Я читаю эти статьи, разговариваю с работниками «Сохнута», пытаюсь представить себе вашу жизнь в Израиле и – не могу. Потому что не знаю, в какую сторону направить свое воображение.
А что касается меня, то – донт трабл, я чудно устроился. Я живу в крошечном отеле, в чистеньком номере-клетушке с окном, выходящим в дворовый колодец, из этого окна рукой достать до окна общего туалета, и по утрам меня будит шум спускаемой в унитаз воды. Я сижу в этом номере на кровати, держа на коленях свою пишмашинку с выбитым на Шереметьевской таможне зубом, и в ногах у меня (тайком от администрации отеля) варится на плитке венская курица по девять шиллингов за кило.

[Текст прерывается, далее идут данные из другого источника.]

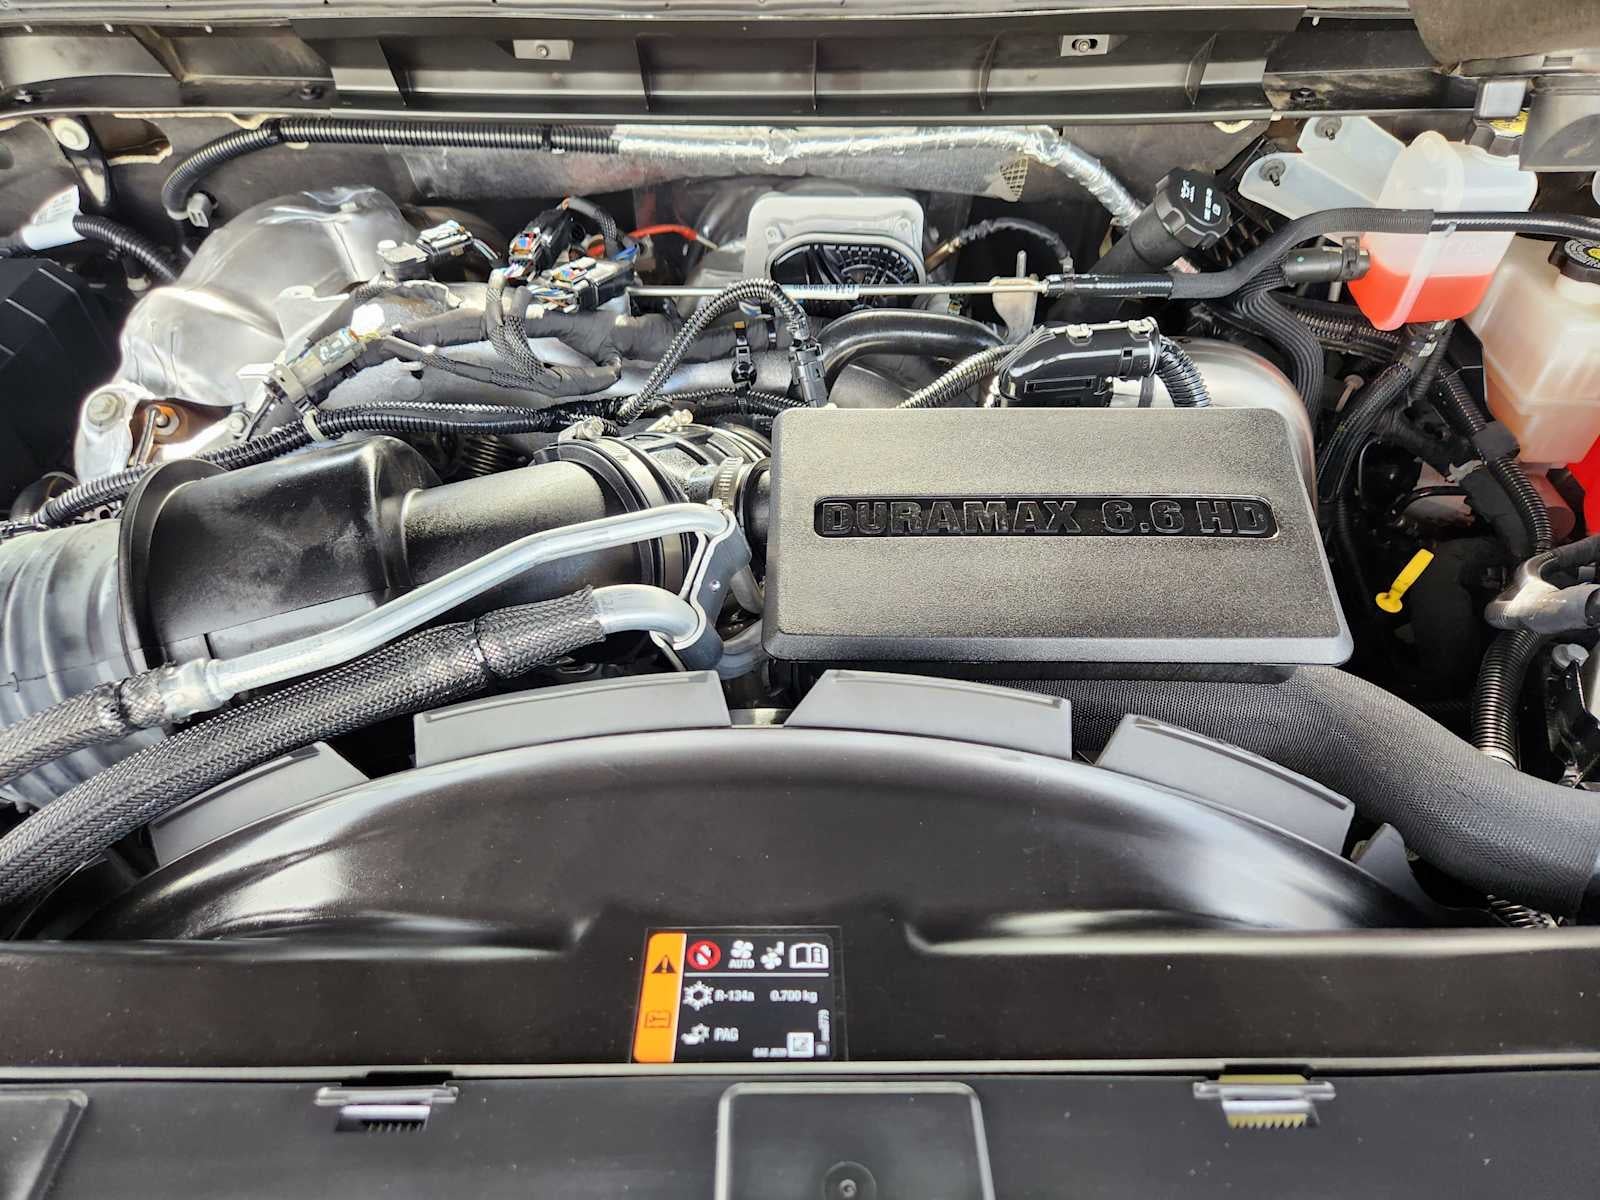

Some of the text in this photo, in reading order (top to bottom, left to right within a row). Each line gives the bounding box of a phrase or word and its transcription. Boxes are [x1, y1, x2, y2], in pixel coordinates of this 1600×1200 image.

[822, 499, 1271, 534] DURAMAX 6.6 HD
[728, 958, 755, 969] AUTO
[714, 989, 755, 1002] R-134a
[802, 989, 818, 1004] kg
[713, 1027, 739, 1042] PAG

Ну что еще нужно мне для работы?
Целыми днями я хожу по еврейским гнездовьям в пансионах мадам Беттины и смотрю, как живут там люди, потому что мне это важно для будущего фильма. Господи, Белла, ты бы видела эти «пансионы», из которых еще не выехали проститутки, их вчерашние обитательницы! Сотни семей – в тесноте, скученности. Орут малыши, галдят одесские женщины, а тощие австрийские шлюхи, брезгливо, как цапли, переступая своими обтянутыми джинсой ногами через ползающих по полу детей, ведут в соседние комнаты своих пузатых клиентов. Рядом на вытертом плюшевом диване сидят наши подростки – они уже все понимают, хихикают вслед проституткам и засекают время по своим советским часикам «Заря» и «Слава». Ровно через пять минут вновь появляется эта пара и, поигрывая ключами от машины, проститутка провожает клиента, садится в свой жучок-«фольксваген» и уезжает за новым гостем. Что успевают они за пять минут? Только пылкое воображение подростков может ответить на этот вопрос. А я…

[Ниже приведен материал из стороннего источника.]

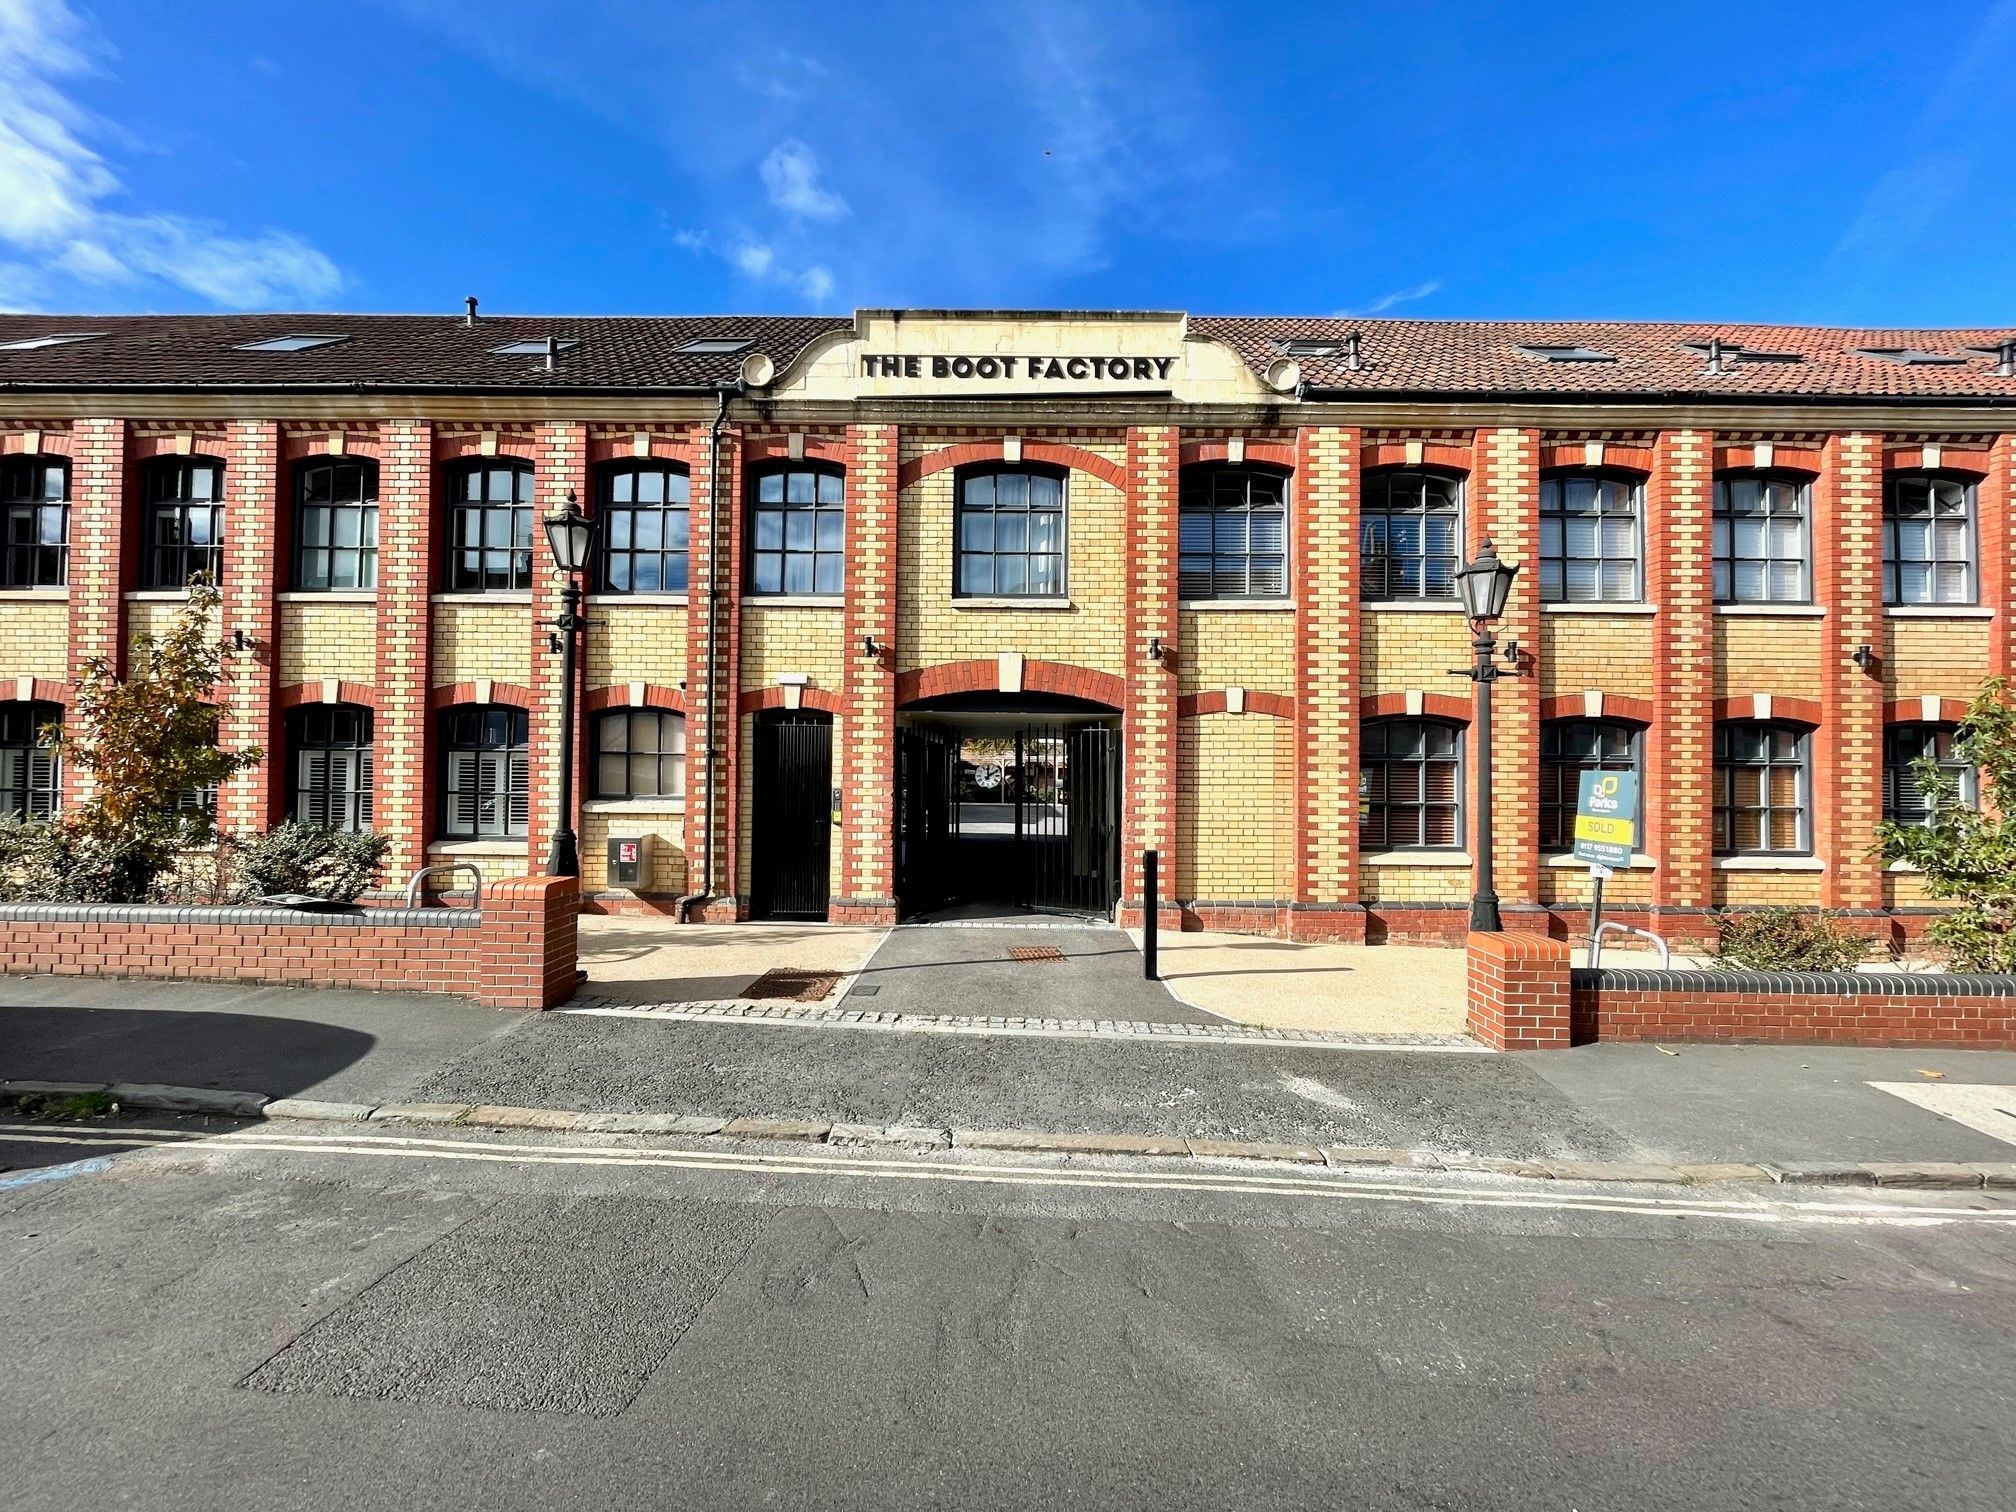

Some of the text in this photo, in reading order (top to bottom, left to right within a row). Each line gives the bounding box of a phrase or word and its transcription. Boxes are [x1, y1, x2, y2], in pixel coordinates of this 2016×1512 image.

[863, 356, 1174, 380] THE BOOT FACTORY
[1590, 797, 1617, 809] Parks
[1588, 822, 1614, 833] SOLD

Я не могу представить вас в этой обстановке! А когда заставляю себя, когда селю вас мысленно в «Зум Туркен» или «Вульф», то разом вижу перед собой огромные Аськины глаза, которые воззрились бы на меня с пугливым испугом: «Дядя Вадик, куда ты нас привез?» Белла Давидович, наша знаменитая пианистка, живет со своей мамой и теткой в двухместном номерушке, куда втиснули еще одну койку. Миша Фридман, победитель музыкального конкурса в Брюсселе, ютится с женой в одноместном номере, где вместе с ними еще одна семья из трех человек и какая-то шестая женщина, к ним не относящаяся. А я – один! – занимаю целую комнату, пусть и величиной со школьный пенал! Почему? Потому что, оказывается, мадам Беттина смертельно боится, что я покажу в своем фильме этот бардак! Ну, может быть, не смертельно, но – на всякий случай поселила меня от своего греха подальше…

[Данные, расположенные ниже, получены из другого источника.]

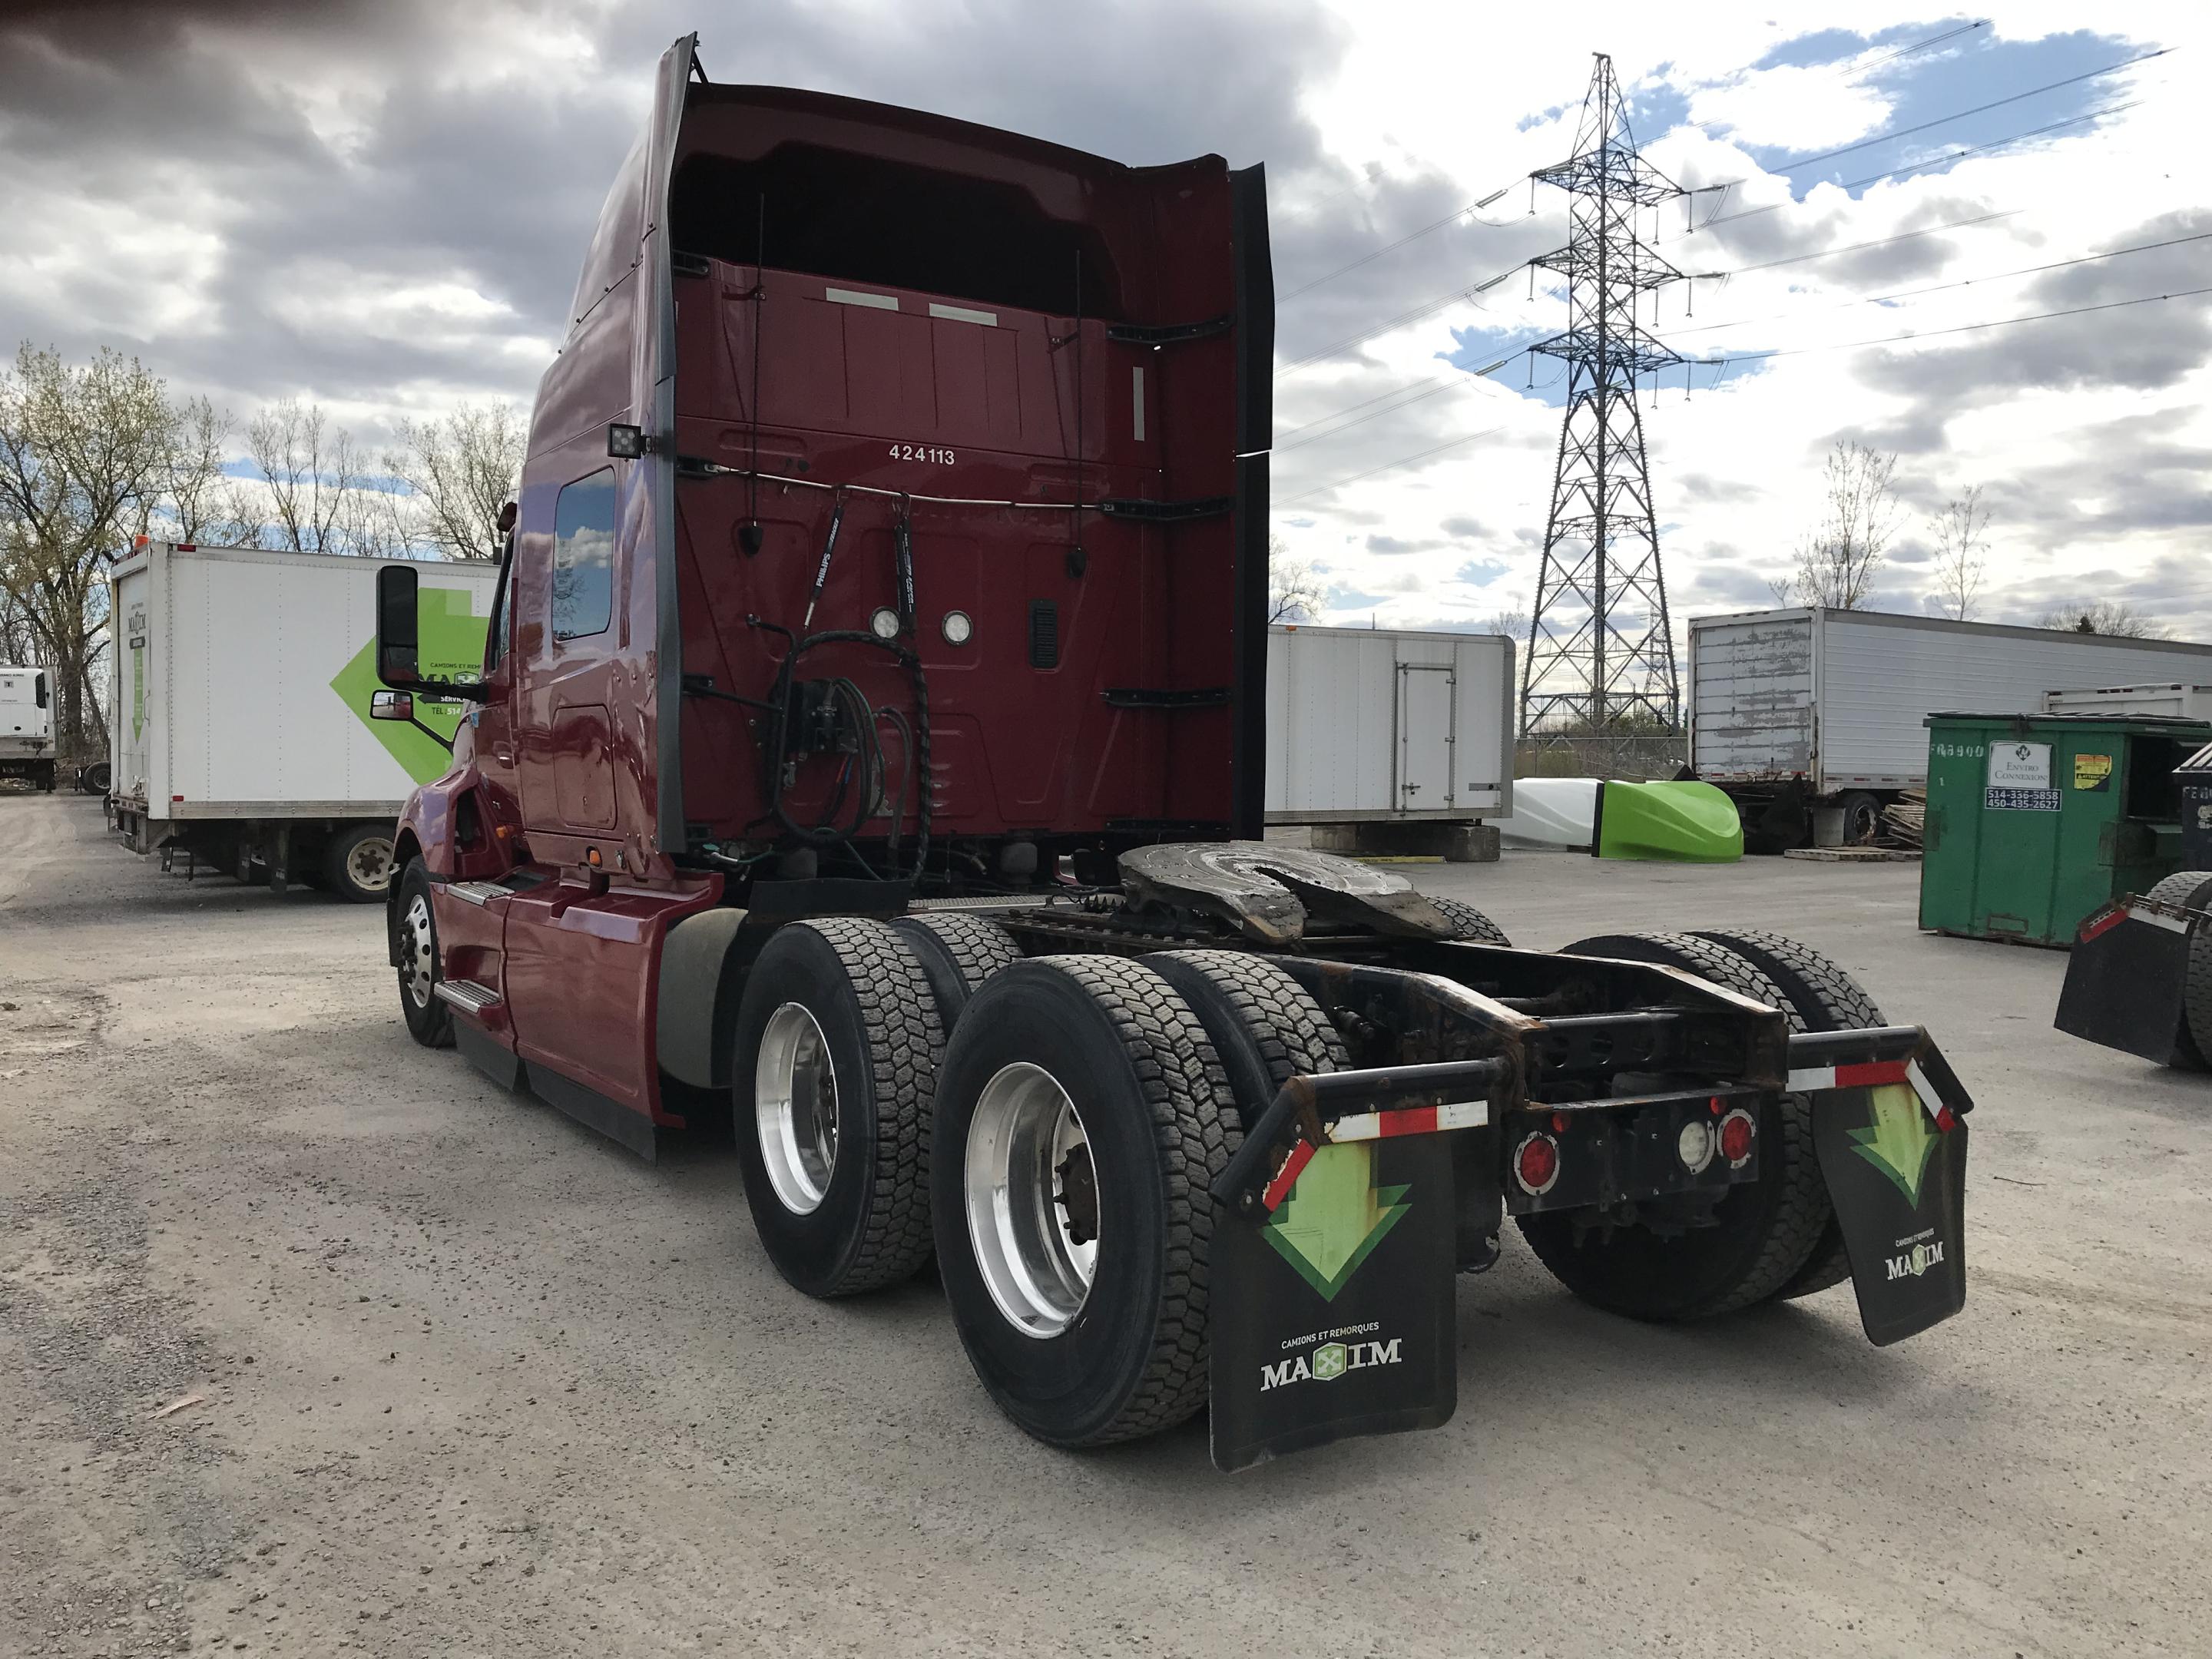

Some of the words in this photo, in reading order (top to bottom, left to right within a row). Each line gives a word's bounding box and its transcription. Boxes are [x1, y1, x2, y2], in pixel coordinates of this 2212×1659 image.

[889, 445, 955, 465] 424113
[816, 553, 831, 588] PHILLIPS
[1988, 790, 2058, 800] 514-336-5858
[1988, 799, 2058, 810] 450-435-2627
[1885, 1241, 1945, 1281] MAXIM
[1281, 1333, 1316, 1349] CAMIONS
[1318, 1330, 1329, 1341] ET
[1330, 1321, 1379, 1339] REMORQUES
[1260, 1338, 1402, 1392] MAXIM

Но если она меня убоялась, то, значит, у меня все-таки есть шанс сделать свой фильм!
Впрочем, Гарик К., работающий сейчас в венском «Сохнуте», – ты помнишь его по Баку? – увидев меня, изумился:
– Старик, я понимаю – сестра, я понимаю – другие, но почему ты эмигрировал? Разве ты не понимаешь, что здесь ты уже никогда не будешь режиссером?!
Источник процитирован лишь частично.